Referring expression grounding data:
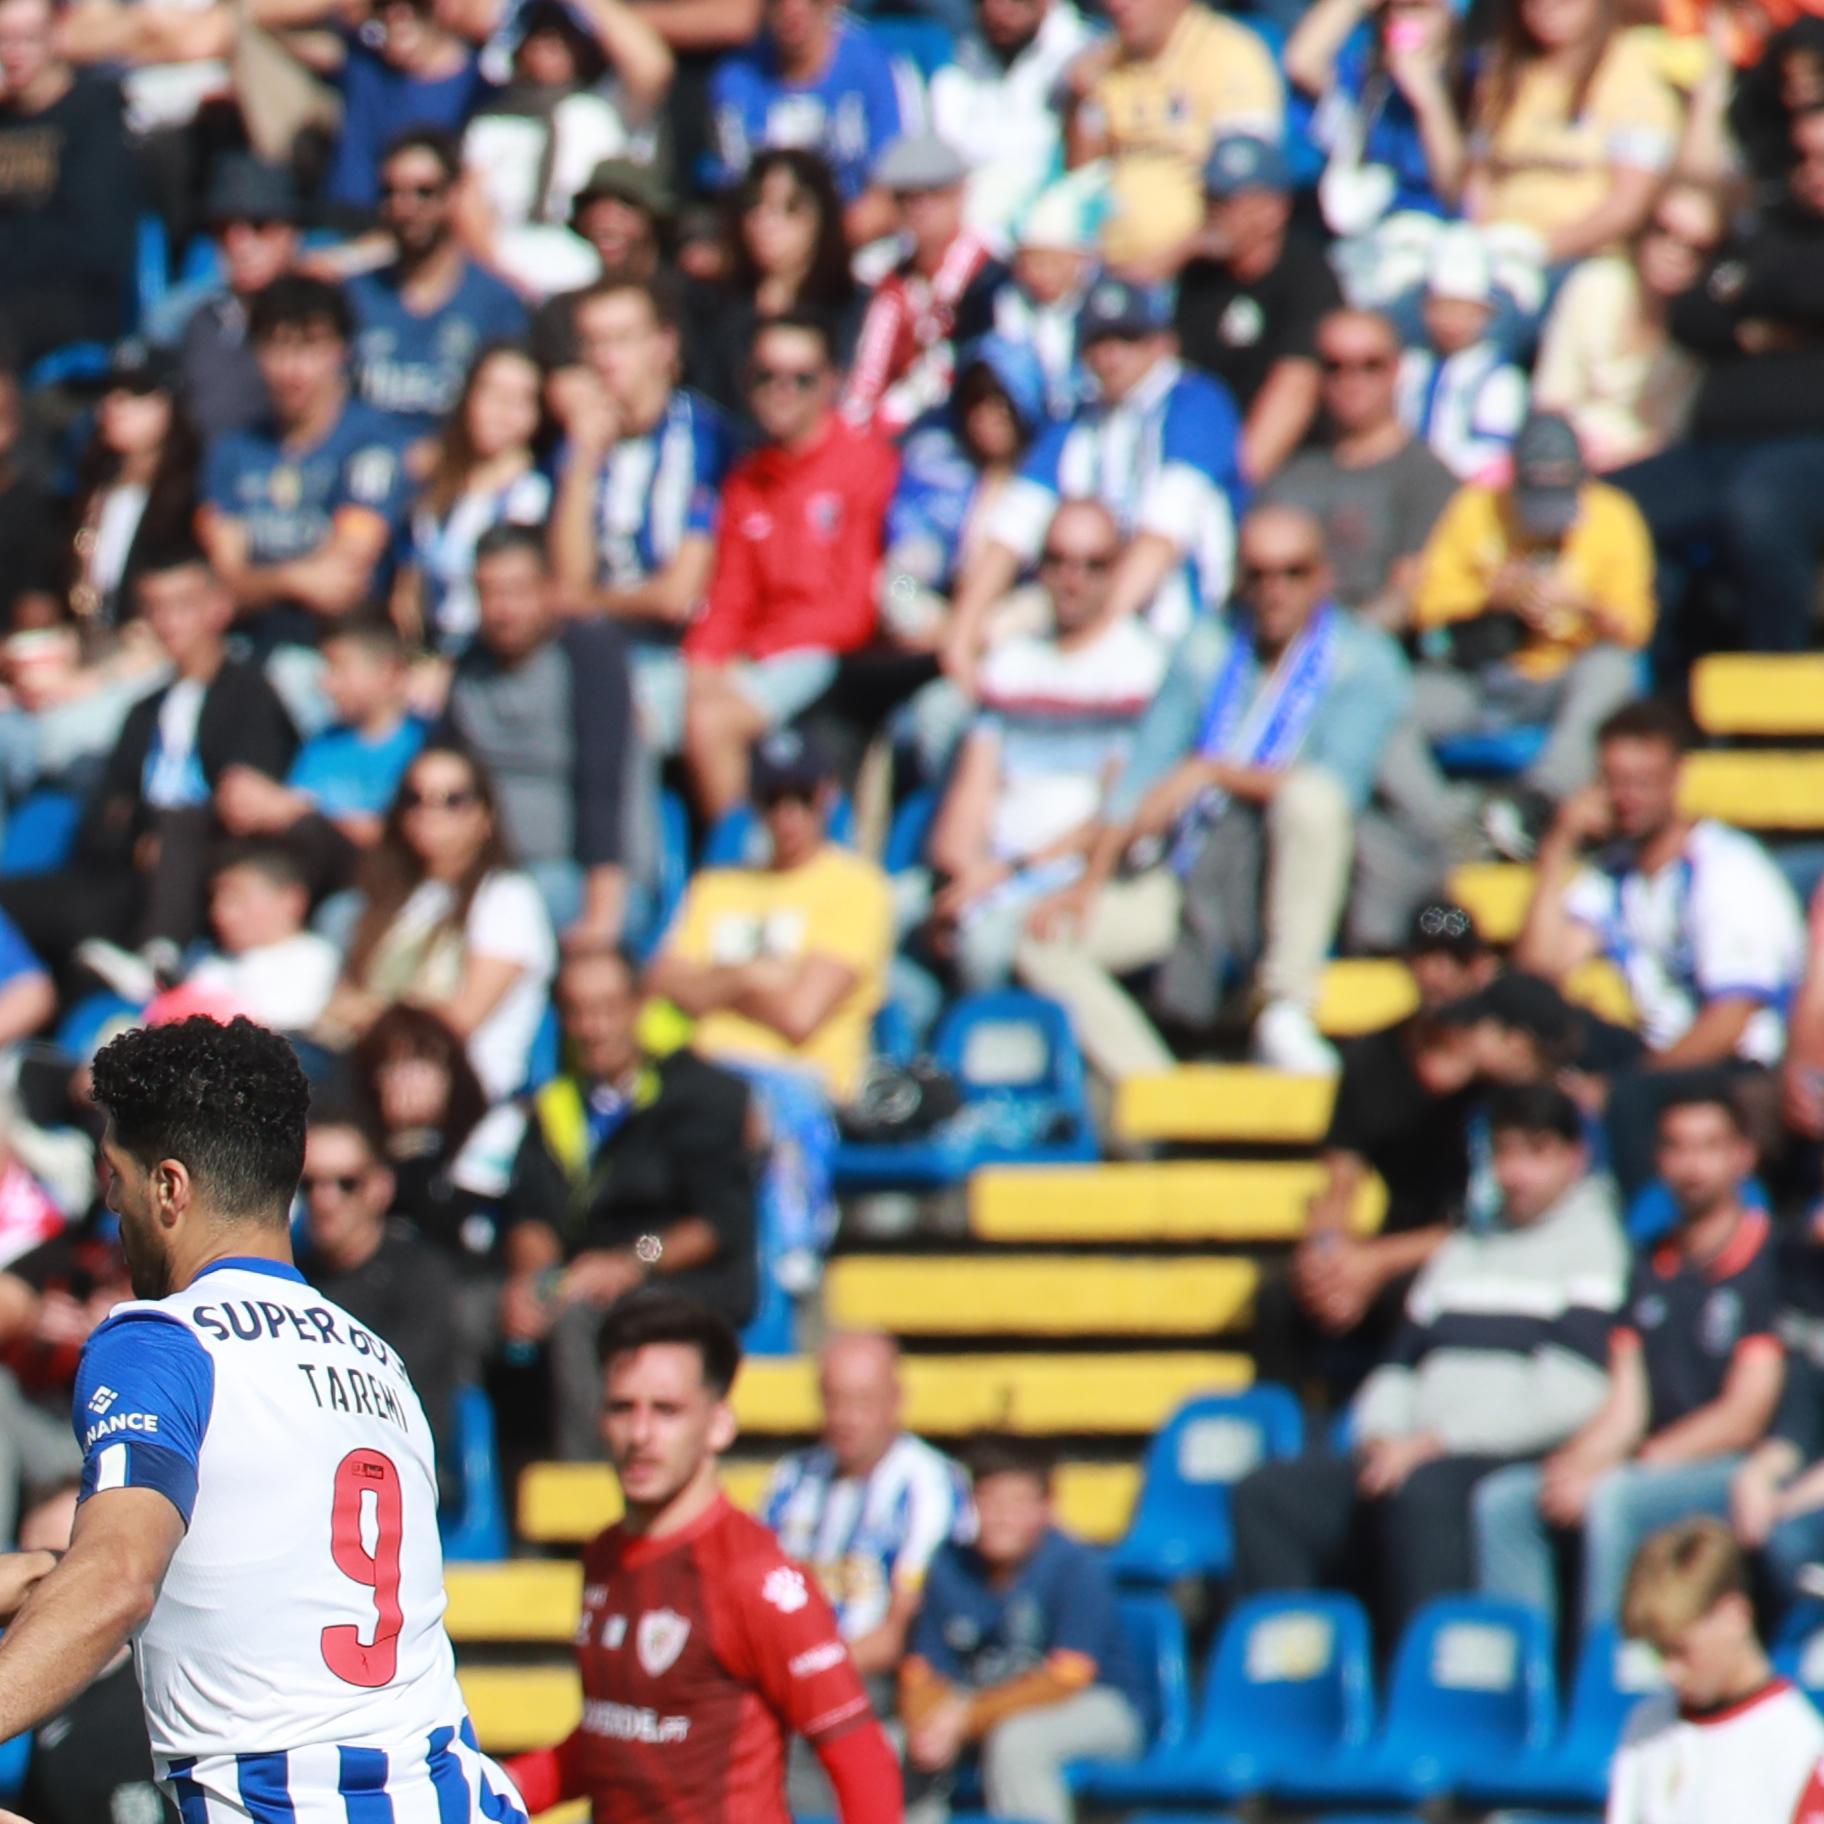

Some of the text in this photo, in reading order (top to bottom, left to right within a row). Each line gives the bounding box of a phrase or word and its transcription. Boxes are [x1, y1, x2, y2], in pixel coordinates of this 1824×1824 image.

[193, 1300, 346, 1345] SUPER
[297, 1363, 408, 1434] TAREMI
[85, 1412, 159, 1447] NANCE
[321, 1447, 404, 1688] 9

--- What you have to do ---
Could you print all the entries exactly as they stand, with the pictures left out?

--- Exercise result ---
Some of the text in this photo, in reading order (top to bottom, left to right within a row). Each line gives the bounding box of a phrase or word and its transcription. Boxes are [x1, y1, x2, y2], in pixel coordinates of this 1824×1824 image.

[193, 1300, 346, 1345] SUPER
[297, 1363, 408, 1434] TAREMI
[85, 1412, 159, 1447] NANCE
[321, 1447, 404, 1688] 9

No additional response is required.